## What you have to do
Skip the images and copy each record exactly as written.

## Materials provided
· · · ·

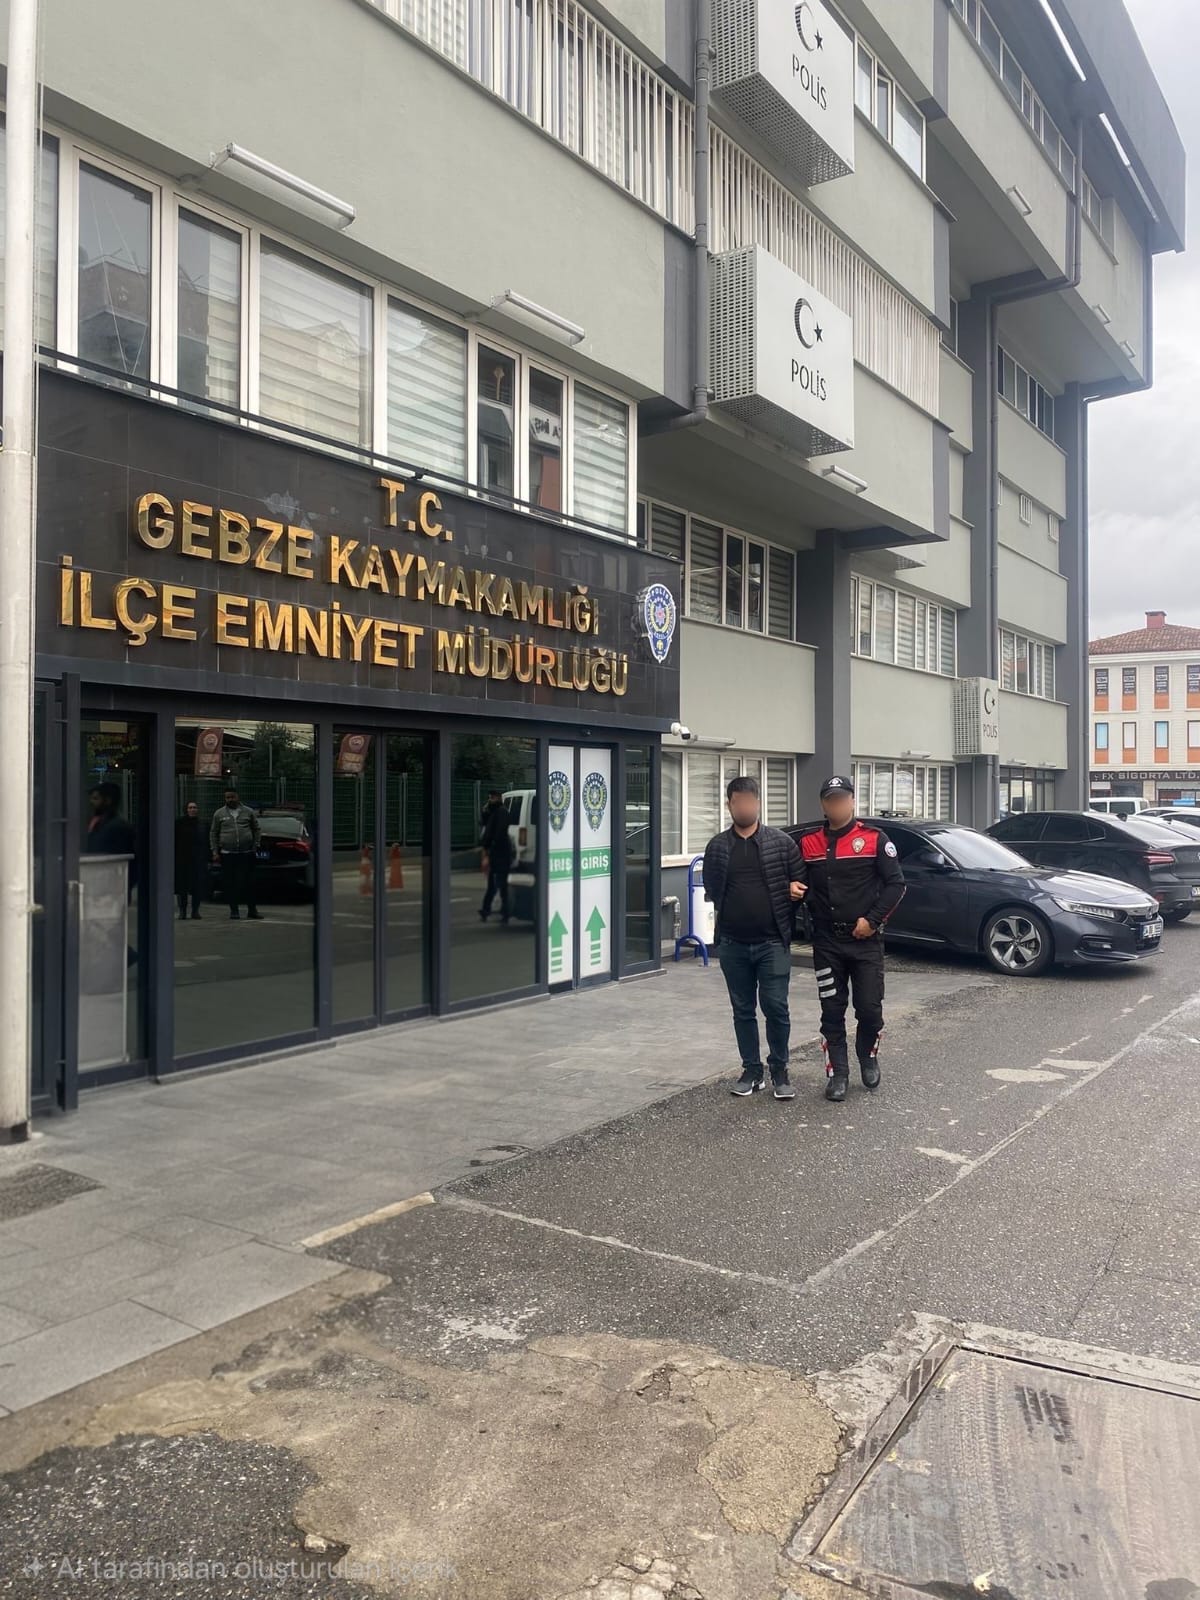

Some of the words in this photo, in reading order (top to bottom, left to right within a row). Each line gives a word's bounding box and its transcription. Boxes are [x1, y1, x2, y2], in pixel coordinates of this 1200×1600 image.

[792, 53, 827, 110] POLİS
[791, 358, 827, 401] POLİS
[136, 492, 314, 579] GEBZE
[379, 477, 453, 541] T.C.
[59, 554, 197, 647] İLÇE
[215, 592, 424, 669] EMNİYET
[436, 624, 628, 696] MÜDÜRLÜĞÜ
[1175, 771, 1200, 780] LTD.
[580, 852, 609, 871] GİRİŞ

· · · ·

## Response area
Some of the words in this photo, in reading order (top to bottom, left to right within a row). Each line gives a word's bounding box and its transcription. Boxes are [x1, y1, x2, y2], in pixel coordinates of this 1200×1600 image.

[792, 53, 827, 110] POLİS
[791, 358, 827, 401] POLİS
[136, 492, 314, 579] GEBZE
[379, 477, 453, 541] T.C.
[59, 554, 197, 647] İLÇE
[215, 592, 424, 669] EMNİYET
[436, 624, 628, 696] MÜDÜRLÜĞÜ
[1175, 771, 1200, 780] LTD.
[580, 852, 609, 871] GİRİŞ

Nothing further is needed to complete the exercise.